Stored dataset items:
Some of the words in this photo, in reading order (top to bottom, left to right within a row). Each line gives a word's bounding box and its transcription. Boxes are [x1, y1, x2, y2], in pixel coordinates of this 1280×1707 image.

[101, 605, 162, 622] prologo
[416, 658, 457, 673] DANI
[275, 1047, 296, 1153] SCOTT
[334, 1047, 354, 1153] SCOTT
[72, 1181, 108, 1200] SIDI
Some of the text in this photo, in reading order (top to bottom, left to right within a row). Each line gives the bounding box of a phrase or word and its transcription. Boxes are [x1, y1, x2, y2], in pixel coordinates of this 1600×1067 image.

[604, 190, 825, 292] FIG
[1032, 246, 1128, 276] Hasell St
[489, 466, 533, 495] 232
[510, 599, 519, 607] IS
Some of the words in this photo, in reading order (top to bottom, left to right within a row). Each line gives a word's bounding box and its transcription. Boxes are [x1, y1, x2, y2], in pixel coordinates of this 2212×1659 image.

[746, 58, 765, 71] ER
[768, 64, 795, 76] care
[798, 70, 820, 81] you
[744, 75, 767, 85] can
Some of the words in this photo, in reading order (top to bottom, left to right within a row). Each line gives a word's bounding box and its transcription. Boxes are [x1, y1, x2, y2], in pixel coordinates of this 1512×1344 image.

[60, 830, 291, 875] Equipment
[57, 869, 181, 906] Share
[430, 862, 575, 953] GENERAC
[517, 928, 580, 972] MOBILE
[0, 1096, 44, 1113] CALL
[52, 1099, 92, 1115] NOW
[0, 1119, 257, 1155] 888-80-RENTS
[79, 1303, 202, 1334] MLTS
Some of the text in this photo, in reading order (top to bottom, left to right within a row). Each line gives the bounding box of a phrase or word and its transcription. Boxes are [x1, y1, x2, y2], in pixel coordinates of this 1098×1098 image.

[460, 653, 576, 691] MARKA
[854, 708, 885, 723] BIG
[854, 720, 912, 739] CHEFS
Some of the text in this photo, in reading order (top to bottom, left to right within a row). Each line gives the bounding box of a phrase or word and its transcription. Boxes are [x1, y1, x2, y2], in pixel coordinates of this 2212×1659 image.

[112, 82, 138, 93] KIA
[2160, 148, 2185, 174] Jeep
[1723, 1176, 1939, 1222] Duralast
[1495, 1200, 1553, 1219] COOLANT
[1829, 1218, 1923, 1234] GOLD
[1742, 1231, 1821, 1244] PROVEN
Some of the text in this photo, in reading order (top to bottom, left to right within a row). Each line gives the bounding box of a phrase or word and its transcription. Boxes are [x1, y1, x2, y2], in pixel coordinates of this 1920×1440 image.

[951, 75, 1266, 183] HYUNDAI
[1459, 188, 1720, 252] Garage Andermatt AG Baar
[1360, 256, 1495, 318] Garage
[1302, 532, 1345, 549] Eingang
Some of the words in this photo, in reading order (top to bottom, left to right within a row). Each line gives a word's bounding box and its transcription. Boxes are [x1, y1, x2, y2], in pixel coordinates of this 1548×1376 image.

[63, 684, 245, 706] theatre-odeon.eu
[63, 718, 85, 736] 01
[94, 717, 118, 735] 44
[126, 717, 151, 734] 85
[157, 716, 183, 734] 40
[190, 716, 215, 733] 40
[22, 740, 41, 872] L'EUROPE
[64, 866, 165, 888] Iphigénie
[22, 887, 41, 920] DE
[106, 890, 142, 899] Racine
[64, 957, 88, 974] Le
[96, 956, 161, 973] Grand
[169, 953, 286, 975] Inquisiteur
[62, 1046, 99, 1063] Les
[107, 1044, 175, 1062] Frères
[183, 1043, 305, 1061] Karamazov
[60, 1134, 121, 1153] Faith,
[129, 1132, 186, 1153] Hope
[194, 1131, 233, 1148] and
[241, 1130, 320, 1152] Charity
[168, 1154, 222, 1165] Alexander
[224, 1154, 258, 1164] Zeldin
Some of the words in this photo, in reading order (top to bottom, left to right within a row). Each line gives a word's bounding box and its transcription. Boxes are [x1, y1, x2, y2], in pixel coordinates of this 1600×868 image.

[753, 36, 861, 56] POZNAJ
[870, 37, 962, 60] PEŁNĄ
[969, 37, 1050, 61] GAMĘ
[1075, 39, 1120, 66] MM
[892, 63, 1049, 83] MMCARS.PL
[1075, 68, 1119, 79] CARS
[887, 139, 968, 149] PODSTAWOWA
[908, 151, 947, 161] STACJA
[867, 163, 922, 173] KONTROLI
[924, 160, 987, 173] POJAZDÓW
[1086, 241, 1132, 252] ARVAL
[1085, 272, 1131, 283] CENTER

WHAT THE EXERCISE ASKS
May I have all of the records repeated exactly?

SOLUTION FOR THIS EXERCISE
Some of the words in this photo, in reading order (top to bottom, left to right within a row). Each line gives a word's bounding box and its transcription. Boxes are [x1, y1, x2, y2], in pixel coordinates of this 1280×1707 image.

[101, 605, 162, 622] prologo
[416, 658, 457, 673] DANI
[275, 1047, 296, 1153] SCOTT
[334, 1047, 354, 1153] SCOTT
[72, 1181, 108, 1200] SIDI
Some of the text in this photo, in reading order (top to bottom, left to right within a row). Each line gives the bounding box of a phrase or word and its transcription. Boxes are [x1, y1, x2, y2], in pixel coordinates of this 1600×1067 image.

[604, 190, 825, 292] FIG
[1032, 246, 1128, 276] Hasell St
[489, 466, 533, 495] 232
[510, 599, 519, 607] IS
Some of the words in this photo, in reading order (top to bottom, left to right within a row). Each line gives a word's bounding box and its transcription. Boxes are [x1, y1, x2, y2], in pixel coordinates of this 2212×1659 image.

[746, 58, 765, 71] ER
[768, 64, 795, 76] care
[798, 70, 820, 81] you
[744, 75, 767, 85] can
Some of the words in this photo, in reading order (top to bottom, left to right within a row). Each line gives a word's bounding box and its transcription. Boxes are [x1, y1, x2, y2], in pixel coordinates of this 1512×1344 image.

[60, 830, 291, 875] Equipment
[57, 869, 181, 906] Share
[430, 862, 575, 953] GENERAC
[517, 928, 580, 972] MOBILE
[0, 1096, 44, 1113] CALL
[52, 1099, 92, 1115] NOW
[0, 1119, 257, 1155] 888-80-RENTS
[79, 1303, 202, 1334] MLTS
Some of the text in this photo, in reading order (top to bottom, left to right within a row). Each line gives the bounding box of a phrase or word and its transcription. Boxes are [x1, y1, x2, y2], in pixel coordinates of this 1098×1098 image.

[460, 653, 576, 691] MARKA
[854, 708, 885, 723] BIG
[854, 720, 912, 739] CHEFS
Some of the text in this photo, in reading order (top to bottom, left to right within a row). Each line gives the bounding box of a phrase or word and its transcription. Boxes are [x1, y1, x2, y2], in pixel coordinates of this 2212×1659 image.

[112, 82, 138, 93] KIA
[2160, 148, 2185, 174] Jeep
[1723, 1176, 1939, 1222] Duralast
[1495, 1200, 1553, 1219] COOLANT
[1829, 1218, 1923, 1234] GOLD
[1742, 1231, 1821, 1244] PROVEN
Some of the text in this photo, in reading order (top to bottom, left to right within a row). Each line gives the bounding box of a phrase or word and its transcription. Boxes are [x1, y1, x2, y2], in pixel coordinates of this 1920×1440 image.

[951, 75, 1266, 183] HYUNDAI
[1459, 188, 1720, 252] Garage Andermatt AG Baar
[1360, 256, 1495, 318] Garage
[1302, 532, 1345, 549] Eingang
Some of the words in this photo, in reading order (top to bottom, left to right within a row). Each line gives a word's bounding box and its transcription. Boxes are [x1, y1, x2, y2], in pixel coordinates of this 1548×1376 image.

[63, 684, 245, 706] theatre-odeon.eu
[63, 718, 85, 736] 01
[94, 717, 118, 735] 44
[126, 717, 151, 734] 85
[157, 716, 183, 734] 40
[190, 716, 215, 733] 40
[22, 740, 41, 872] L'EUROPE
[64, 866, 165, 888] Iphigénie
[22, 887, 41, 920] DE
[106, 890, 142, 899] Racine
[64, 957, 88, 974] Le
[96, 956, 161, 973] Grand
[169, 953, 286, 975] Inquisiteur
[62, 1046, 99, 1063] Les
[107, 1044, 175, 1062] Frères
[183, 1043, 305, 1061] Karamazov
[60, 1134, 121, 1153] Faith,
[129, 1132, 186, 1153] Hope
[194, 1131, 233, 1148] and
[241, 1130, 320, 1152] Charity
[168, 1154, 222, 1165] Alexander
[224, 1154, 258, 1164] Zeldin
Some of the words in this photo, in reading order (top to bottom, left to right within a row). Each line gives a word's bounding box and its transcription. Boxes are [x1, y1, x2, y2], in pixel coordinates of this 1600×868 image.

[753, 36, 861, 56] POZNAJ
[870, 37, 962, 60] PEŁNĄ
[969, 37, 1050, 61] GAMĘ
[1075, 39, 1120, 66] MM
[892, 63, 1049, 83] MMCARS.PL
[1075, 68, 1119, 79] CARS
[887, 139, 968, 149] PODSTAWOWA
[908, 151, 947, 161] STACJA
[867, 163, 922, 173] KONTROLI
[924, 160, 987, 173] POJAZDÓW
[1086, 241, 1132, 252] ARVAL
[1085, 272, 1131, 283] CENTER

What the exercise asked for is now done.